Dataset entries
*** Block opens ***

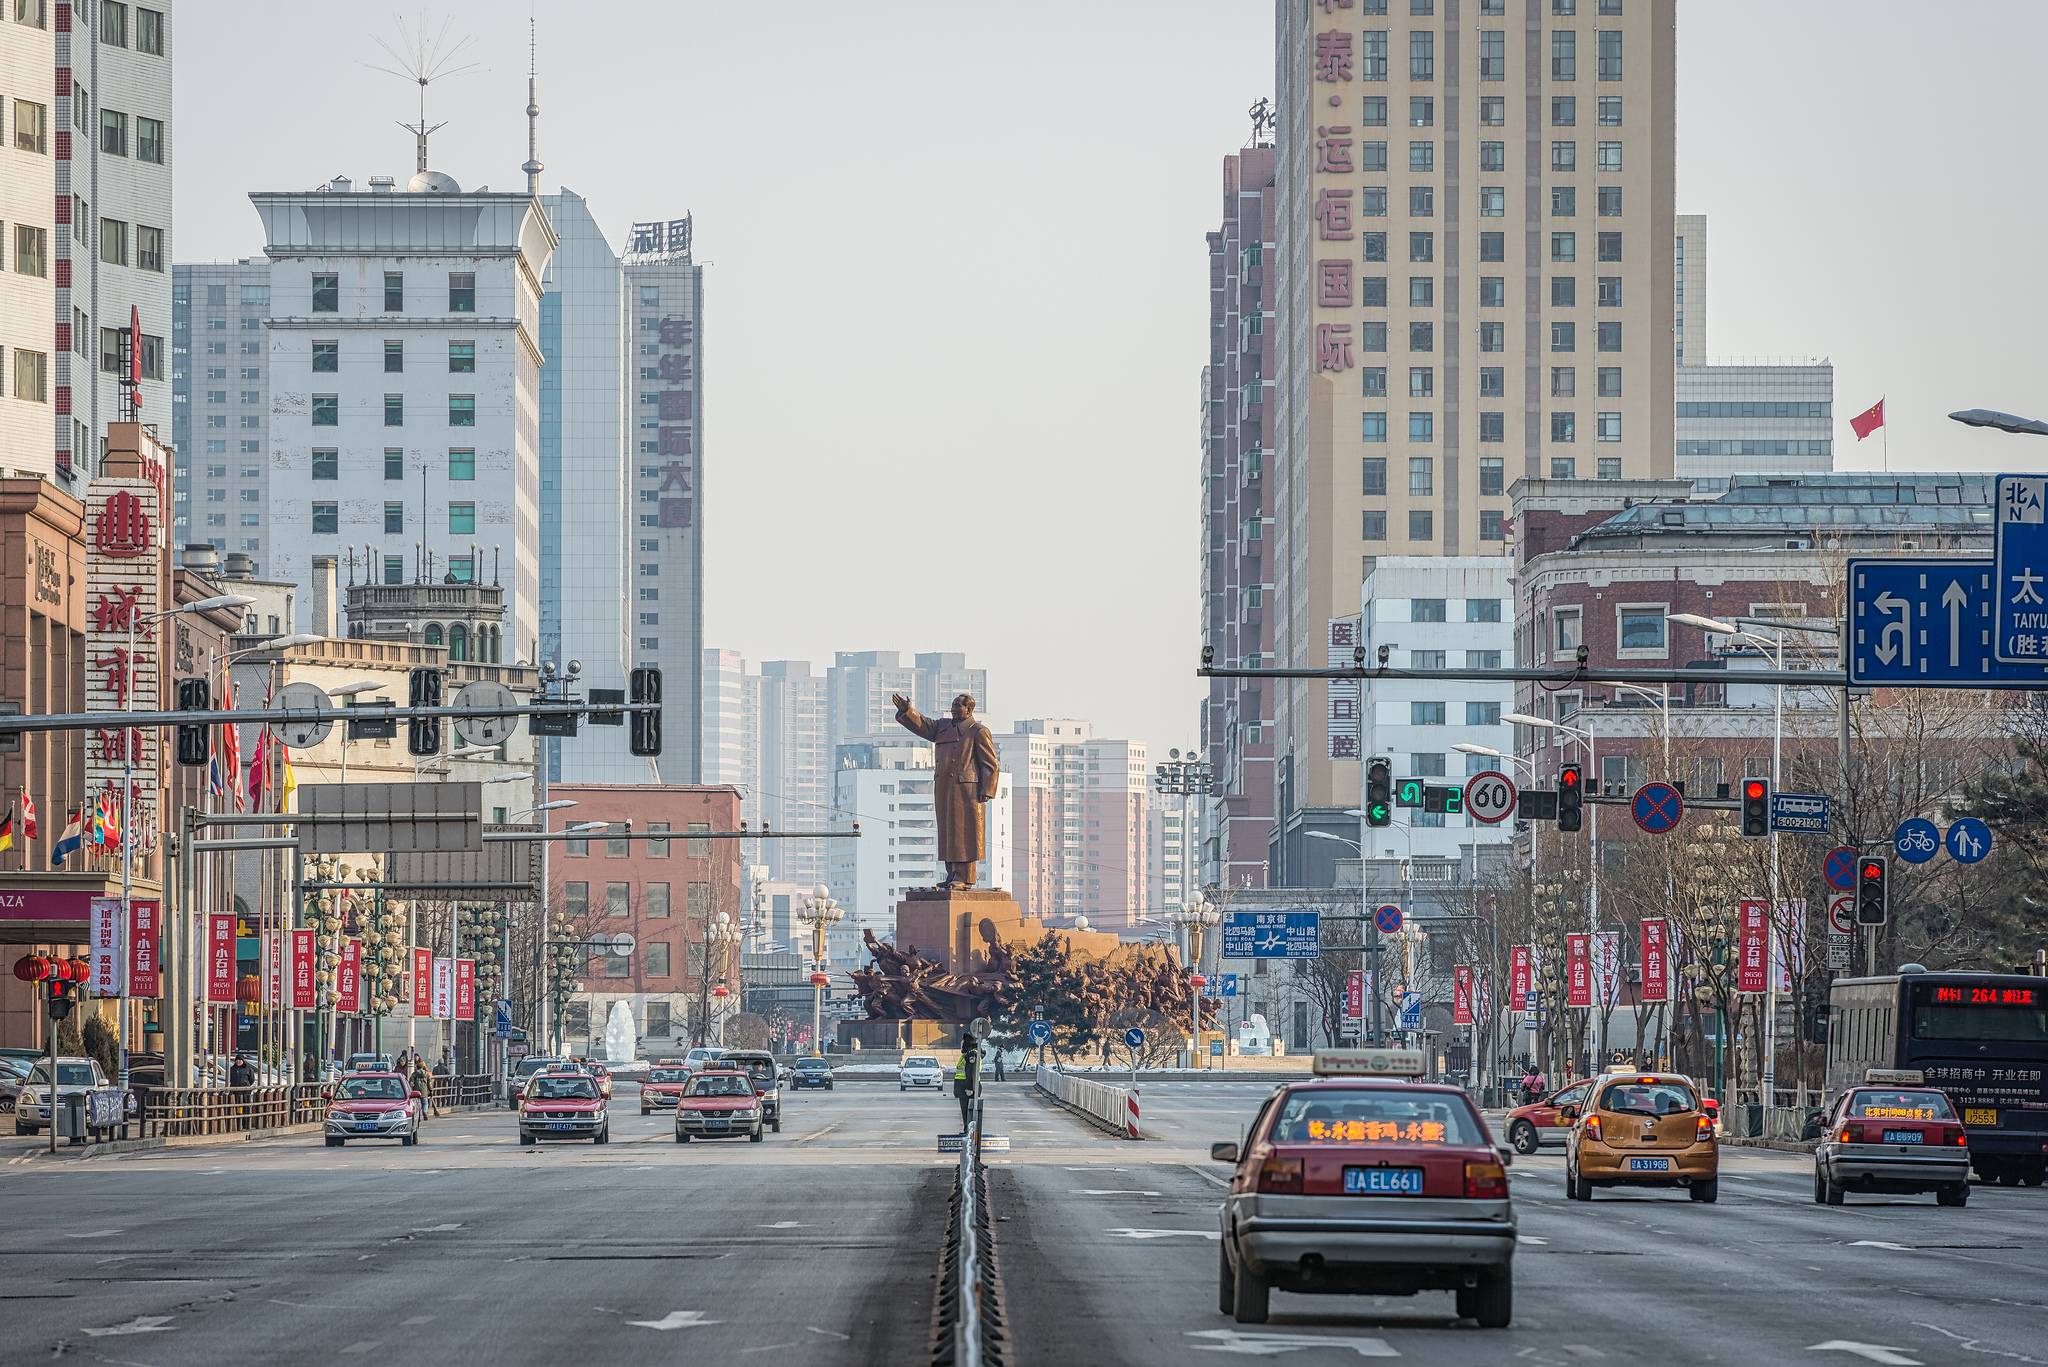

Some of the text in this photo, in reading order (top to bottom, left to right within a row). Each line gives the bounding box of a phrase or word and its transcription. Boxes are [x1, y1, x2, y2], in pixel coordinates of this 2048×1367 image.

[2006, 482, 2027, 504] 北
[2009, 508, 2022, 521] N
[2011, 567, 2044, 605] 太
[2013, 613, 2048, 629] TAIYU
[1446, 787, 1461, 812] 2
[1474, 783, 1507, 809] 60
[1778, 817, 1821, 828] 6:00-21:00
[1256, 914, 1287, 924] 南京街
[1225, 926, 1316, 936] 北四马路 中山路
[1225, 942, 1318, 951] 中山路 北四马路
[1971, 988, 1997, 1003] 264
[1924, 1066, 1986, 1080] 全球招商中
[1992, 1069, 2041, 1081] 开业在即

*** Block closes ***

## Exercise
Give every entry above again, exactly, and keep all pictures out of it.

## Solution below
Some of the text in this photo, in reading order (top to bottom, left to right within a row). Each line gives the bounding box of a phrase or word and its transcription. Boxes are [x1, y1, x2, y2], in pixel coordinates of this 2048×1367 image.

[2006, 482, 2027, 504] 北
[2009, 508, 2022, 521] N
[2011, 567, 2044, 605] 太
[2013, 613, 2048, 629] TAIYU
[1446, 787, 1461, 812] 2
[1474, 783, 1507, 809] 60
[1778, 817, 1821, 828] 6:00-21:00
[1256, 914, 1287, 924] 南京街
[1225, 926, 1316, 936] 北四马路 中山路
[1225, 942, 1318, 951] 中山路 北四马路
[1971, 988, 1997, 1003] 264
[1924, 1066, 1986, 1080] 全球招商中
[1992, 1069, 2041, 1081] 开业在即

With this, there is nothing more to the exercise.